Where a child's parents live apart, the child can have only one legal residence (People ex. rel. The Brooklyn Children's Aid Society v. Hendrickson, et al., 54 Misc. 337 affd, 196 NY 551; Appeal of T.K., 43 Ed Dept Rep 103, Decision No. 14,935).  In cases where parents have joint custody, the child's time is "essentially divided" between two households, and both parents assume responsibility for the child, the decision regarding the child's residency lies ultimately with the family (Appeal of T.K., 43 Ed Dept Rep 103, Decision No. 14,935; Appeal of Seger, 42 id. 266, Decision No. 14,849; Appeal of Weik and Teufel, 41 id. 80, Decision No. 14,621).  However, when parents claim joint custody but do not produce proof of the child's time being divided between both households, residency is to be determined by the traditional tests of physical presence in the district and intent to remain there (Appeal of Williams, 42 Ed Dept Rep 8, Decision No. 14,756; Appeal of Lavelanet, 39 id. 56, Decision No. 14,171).

In this case, petitioner has not produced a custody order.  He claims in the petition that he is Nia's primary custodial parent and that Nia resides with him.  At the hearing, however, petitioner admitted that Nia had lived with her mother prior to enrolling in kindergarten and that Nia spent time with both parents because he works and attends college at night.  Petitioner stated that Nia should be eligible to go to school in the district because he pays property taxes there.  He also stated that he drops Nia off at school in the mornings and attends teacher conferences.

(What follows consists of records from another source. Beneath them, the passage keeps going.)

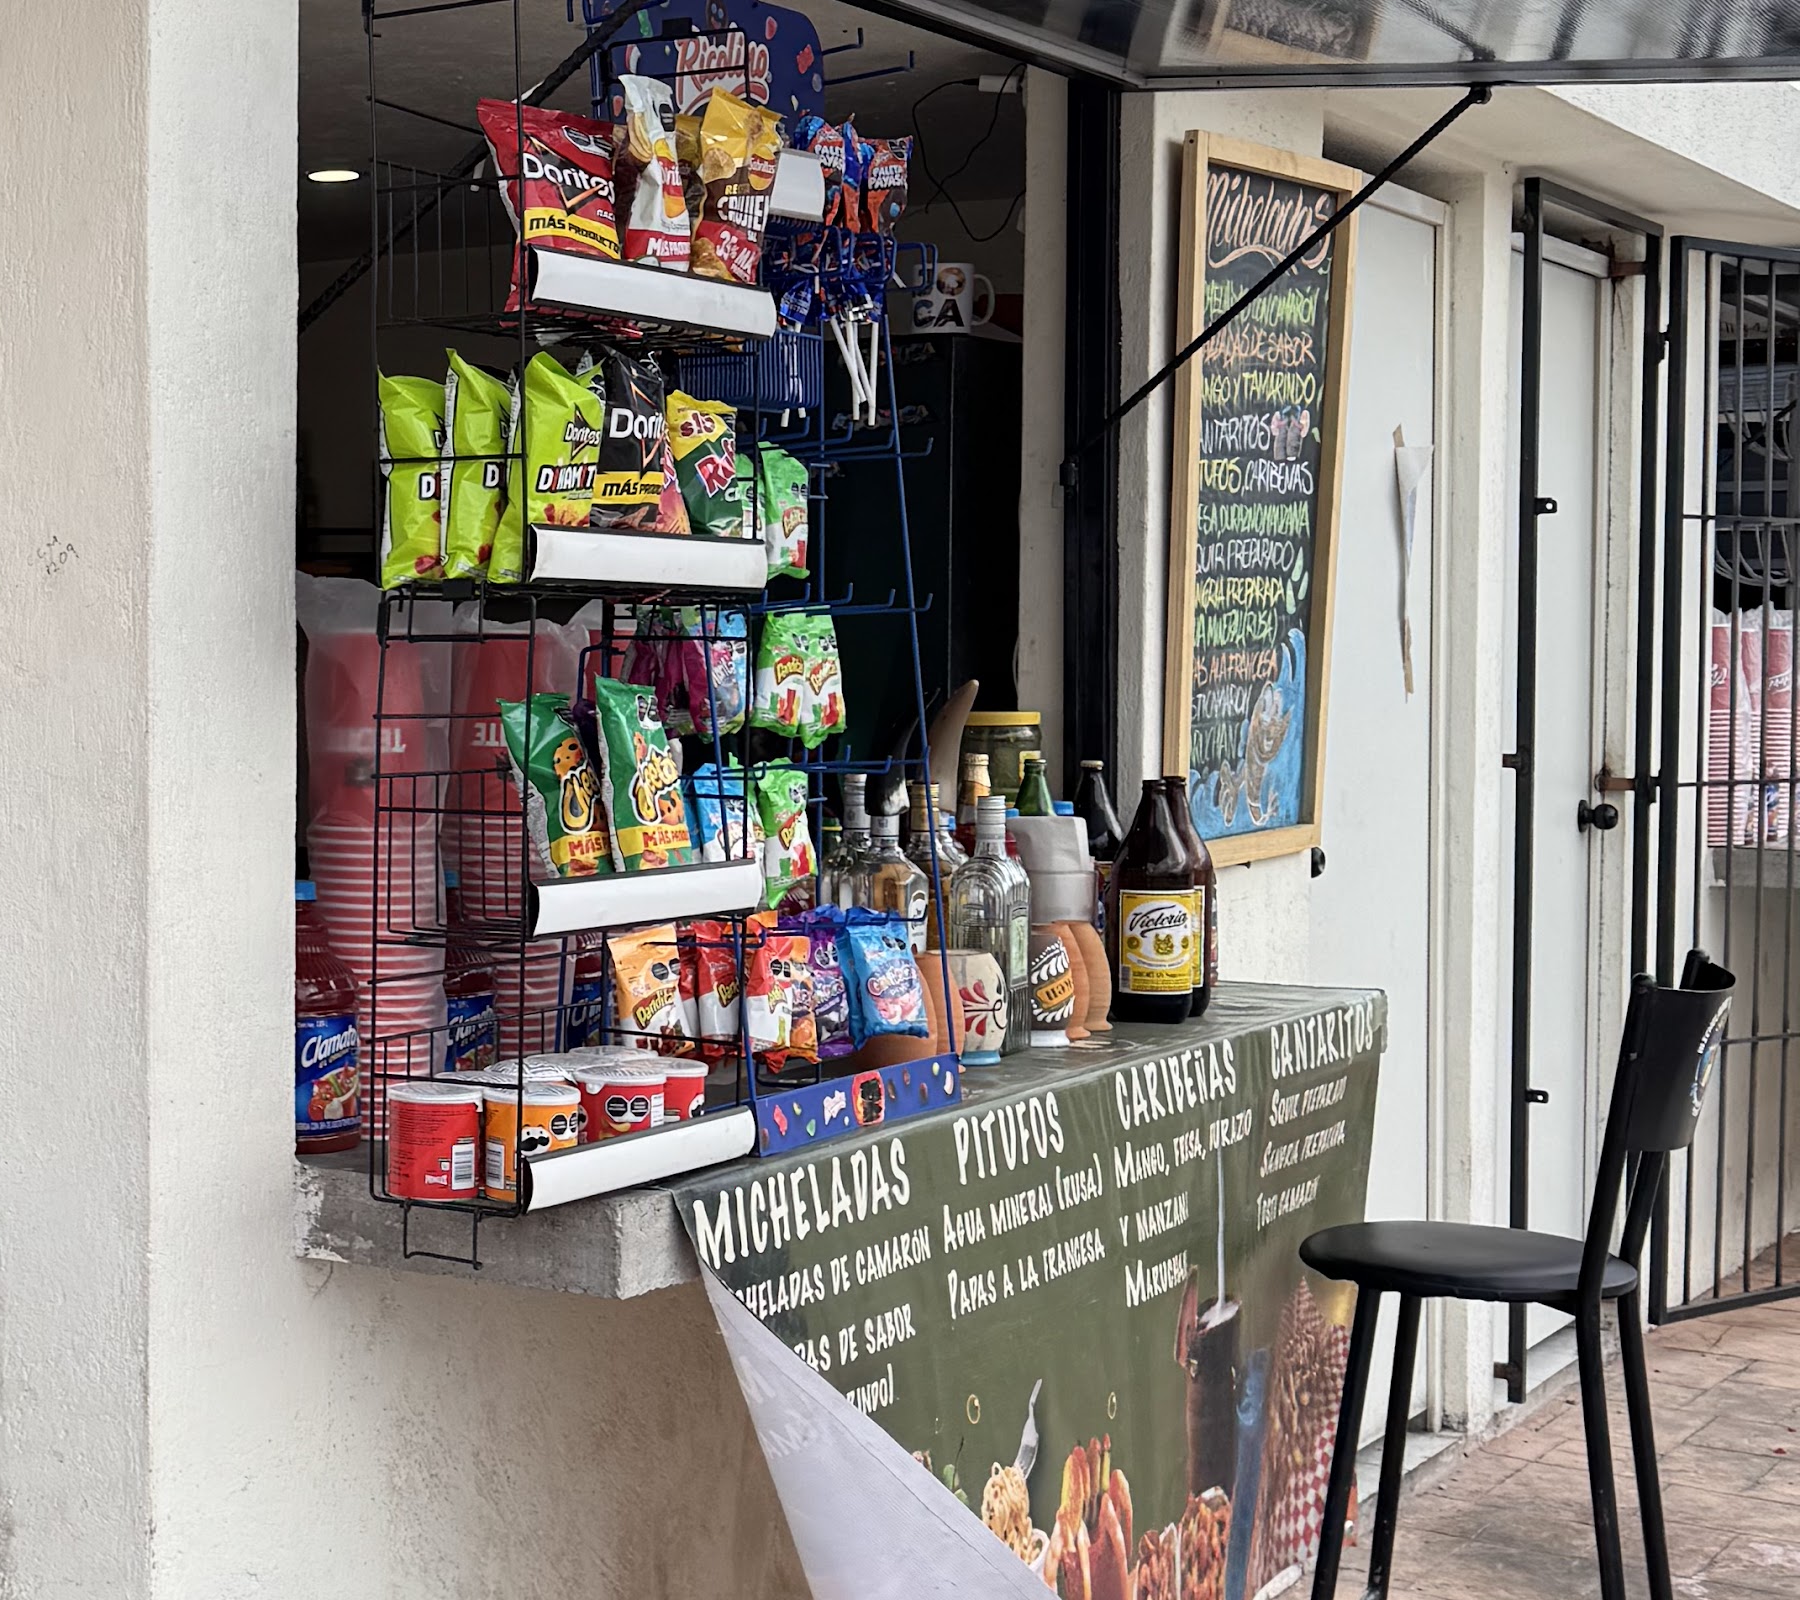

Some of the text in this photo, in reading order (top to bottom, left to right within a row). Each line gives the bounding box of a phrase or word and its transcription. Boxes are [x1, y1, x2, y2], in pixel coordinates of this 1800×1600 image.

[1242, 369, 1316, 405] TAMARINDO
[565, 422, 601, 447] Doritos
[609, 407, 666, 440] Dorit
[538, 464, 596, 492] DINAMIT
[1129, 904, 1188, 937] Victoria
[301, 1024, 360, 1068] Clamato
[1271, 999, 1373, 1080] CANTARITOS
[1115, 1038, 1237, 1130] CARIBEÑAS
[953, 1091, 1064, 1185] PITUFOS
[1114, 1141, 1170, 1188] MANGO,
[693, 1137, 910, 1269] MICHELADAS
[943, 1204, 986, 1253] AGUA
[990, 1183, 1053, 1236] MINERAL
[1119, 1215, 1129, 1247] Y
[830, 1254, 851, 1296] DE
[855, 1225, 931, 1286] CAMARÓN
[948, 1227, 1106, 1320] PAPAS A LA FRANCESA
[839, 1324, 858, 1365] DE
[865, 1303, 916, 1354] SABOR
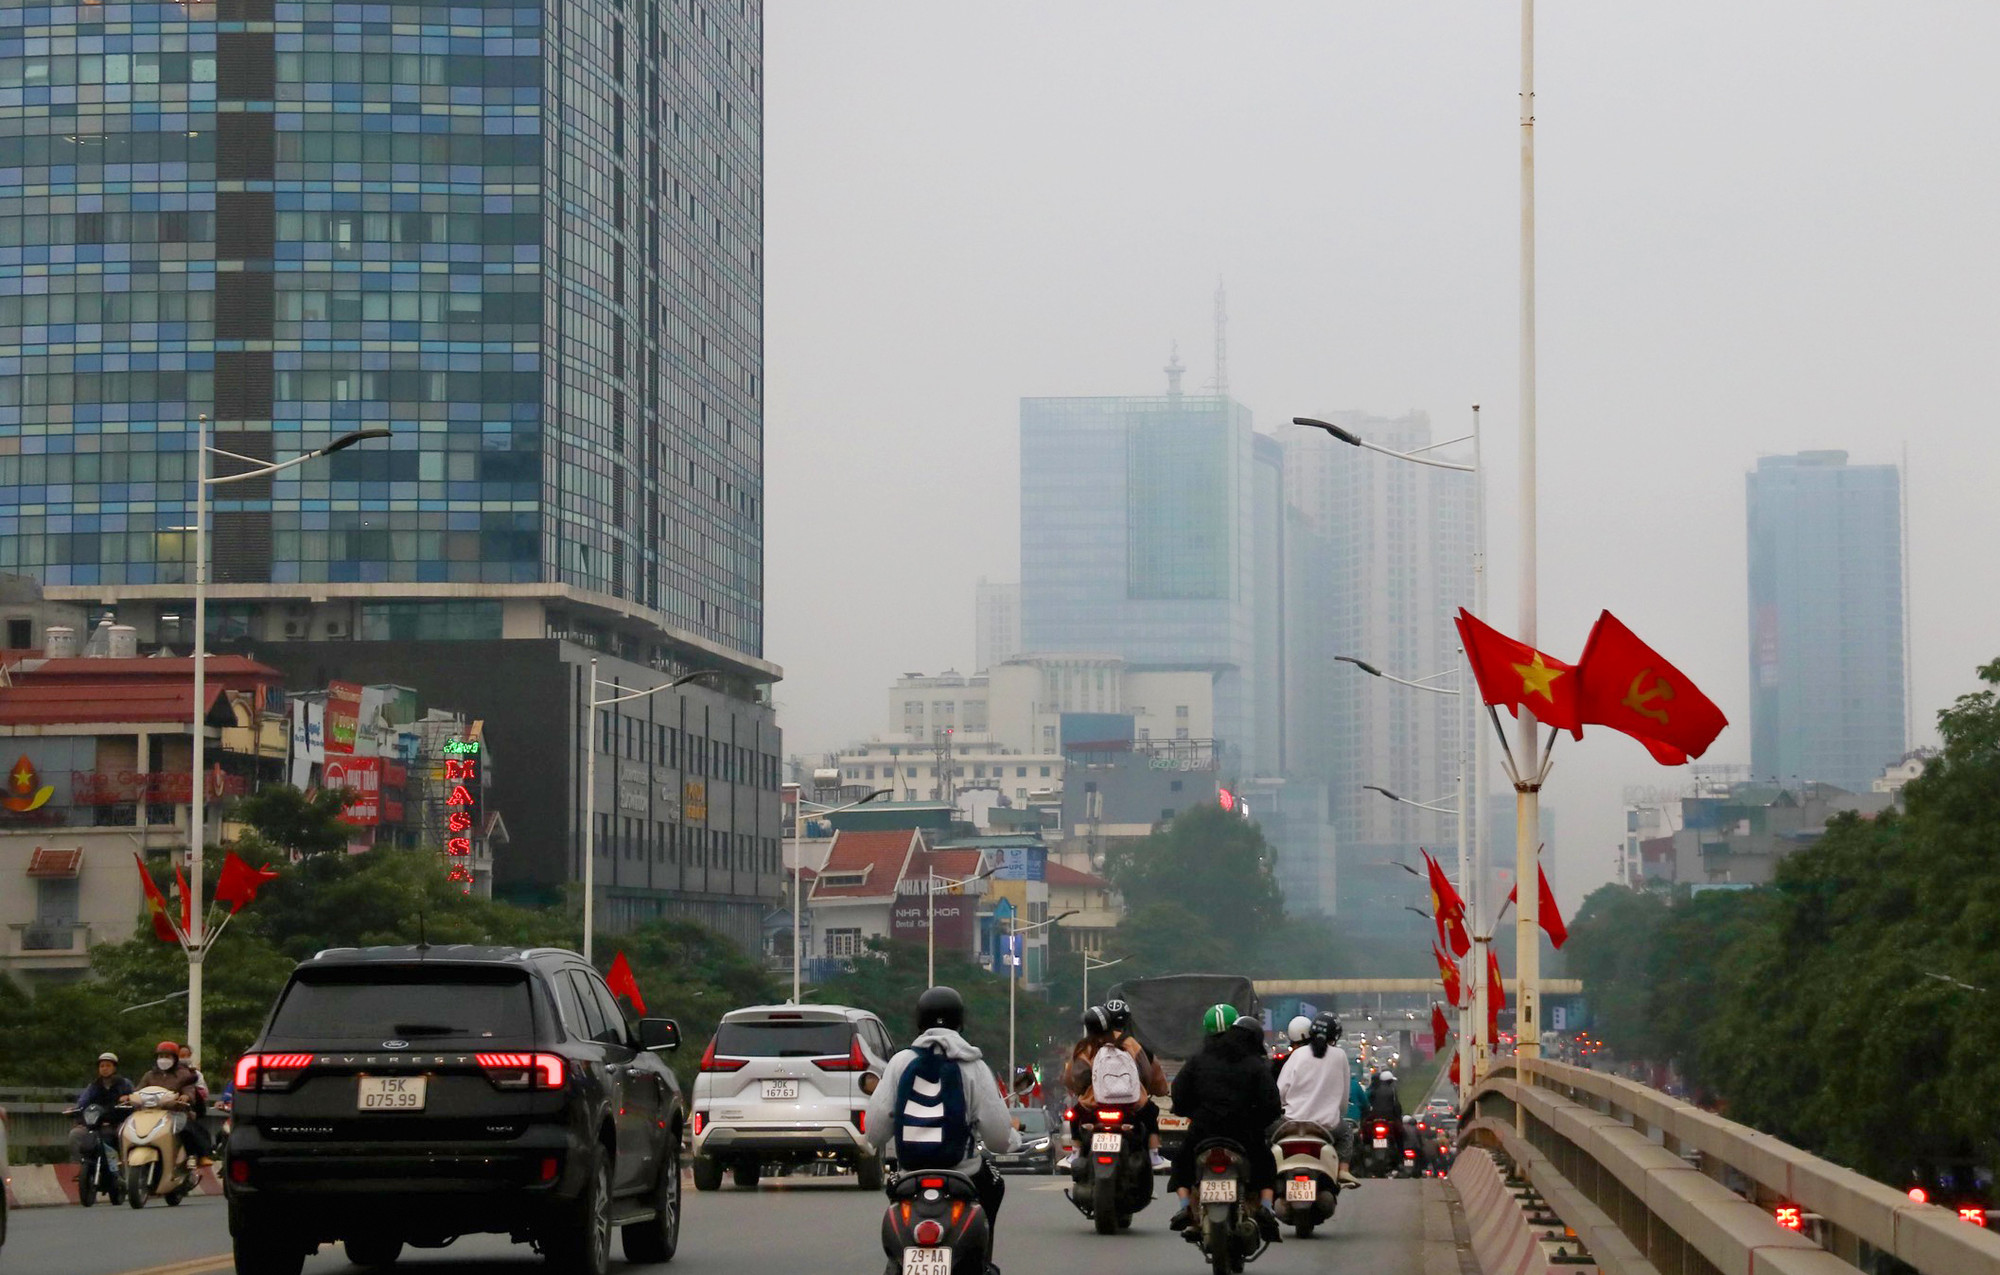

Respondent's witnesses offered contradictory evidence.  The district's residency consultant testified that school staff informed him that they had no contact with petitioner, and that Nia's mother drove her to school every morning, was the contact person for the school and was the parent who attends conferences.  One investigator testified that he observed petitioner's home on three mornings in November and December 2004 between 6:00 and 8:00 a.m. and saw petitioner exit the home alone, even though Nia was present in school on those mornings.  A second investigator testified that in December 2004, his employee observed Nia's mother pick her up at school, proceed to the Queens address and remain there until the investigator left at 10:00 p.m.  The following morning, and on another date in December, the investigator arrived at that address at 6:00 a.m., and at approximately 8:30 a.m., he observed Nia and her mother leave the house and proceed to school.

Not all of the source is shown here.